American mathematician (1865–1947)

Benjamin Franklin Finkel (July 5, 1865 – February 5, 1947) was a mathematician and educator most remembered today as the founder of the American Mathematical Monthly magazine.
== Life ==
Born in Fairfield County, Ohio and educated in small country schools, Finkel received both bachelor's and master's degrees from Ohio Northern University, then known as Ohio Normal University (1888 and 1891, respectively).

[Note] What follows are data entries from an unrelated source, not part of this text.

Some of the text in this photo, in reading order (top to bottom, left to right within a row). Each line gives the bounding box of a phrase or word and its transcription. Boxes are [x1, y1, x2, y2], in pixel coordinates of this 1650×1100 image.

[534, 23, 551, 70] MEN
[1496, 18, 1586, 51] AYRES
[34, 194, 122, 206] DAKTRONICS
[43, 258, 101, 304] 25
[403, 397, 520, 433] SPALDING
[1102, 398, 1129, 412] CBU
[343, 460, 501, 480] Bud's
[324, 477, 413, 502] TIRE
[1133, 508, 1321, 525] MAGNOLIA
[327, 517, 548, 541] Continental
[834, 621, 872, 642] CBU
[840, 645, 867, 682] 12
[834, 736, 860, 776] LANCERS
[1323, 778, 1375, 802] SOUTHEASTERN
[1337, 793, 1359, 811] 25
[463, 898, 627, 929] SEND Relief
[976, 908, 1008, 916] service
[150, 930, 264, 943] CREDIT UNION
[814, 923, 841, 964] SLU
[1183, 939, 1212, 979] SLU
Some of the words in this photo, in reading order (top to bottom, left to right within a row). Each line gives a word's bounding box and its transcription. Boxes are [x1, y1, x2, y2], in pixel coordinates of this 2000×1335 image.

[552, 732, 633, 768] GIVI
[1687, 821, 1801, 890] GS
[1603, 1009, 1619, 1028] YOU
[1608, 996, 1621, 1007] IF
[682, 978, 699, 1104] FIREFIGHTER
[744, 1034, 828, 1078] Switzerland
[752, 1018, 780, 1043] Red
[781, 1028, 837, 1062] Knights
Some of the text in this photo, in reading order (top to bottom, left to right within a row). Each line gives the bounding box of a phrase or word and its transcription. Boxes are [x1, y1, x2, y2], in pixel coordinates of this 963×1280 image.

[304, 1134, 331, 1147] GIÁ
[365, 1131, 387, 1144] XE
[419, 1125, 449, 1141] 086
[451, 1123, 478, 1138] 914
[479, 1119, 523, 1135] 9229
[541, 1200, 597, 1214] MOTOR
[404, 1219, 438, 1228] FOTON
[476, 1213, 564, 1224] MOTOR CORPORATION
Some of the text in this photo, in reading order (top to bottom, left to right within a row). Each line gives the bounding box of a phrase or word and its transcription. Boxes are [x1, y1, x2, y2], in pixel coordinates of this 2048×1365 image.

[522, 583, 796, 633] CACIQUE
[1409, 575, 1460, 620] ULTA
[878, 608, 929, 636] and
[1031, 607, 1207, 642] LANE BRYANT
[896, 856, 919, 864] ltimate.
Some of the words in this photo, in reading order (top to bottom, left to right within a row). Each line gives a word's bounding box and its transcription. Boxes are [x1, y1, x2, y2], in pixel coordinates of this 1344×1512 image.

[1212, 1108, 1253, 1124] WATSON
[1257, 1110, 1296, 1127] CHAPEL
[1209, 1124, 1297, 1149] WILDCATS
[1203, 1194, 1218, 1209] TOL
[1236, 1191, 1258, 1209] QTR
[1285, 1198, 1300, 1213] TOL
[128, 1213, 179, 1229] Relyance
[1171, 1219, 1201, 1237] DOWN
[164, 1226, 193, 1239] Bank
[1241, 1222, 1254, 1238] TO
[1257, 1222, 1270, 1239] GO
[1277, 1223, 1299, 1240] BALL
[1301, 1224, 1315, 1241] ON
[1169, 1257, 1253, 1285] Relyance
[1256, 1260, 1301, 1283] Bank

In 1888 he copyrighted A Mathematical Solution Book. The purpose of the book was to provide mathematics teachers a text utilizing a systematic method of problem solving, "The Step Method", representing a chain of reasoning, in logical order, to arrive at the correct result. The first edition was postponed until 1893, due to financial problems of the original publisher. The book's preface stated that the work was based upon eight years of teaching in the public schools. Following editions were published in 1897, 1899 and 1902.

In 1895 he became professor of mathematics and physics at Drury University, then known as Drury College. He was a University Scholar in Mathematics at the University of Chicago from 1895–1896. In 1906 he was awarded a doctorate from the University of Pennsylvania, where he had earlier earned an additional master's degree in 1904 and a Harrison fellow appointment in 1905.

He was a member of the American Mathematical Society, 1891; the London Mathematical Society, 1898; and Circolo Matematico di Palermo, 1902. He retained his professorship at Drury College until his death in 1947.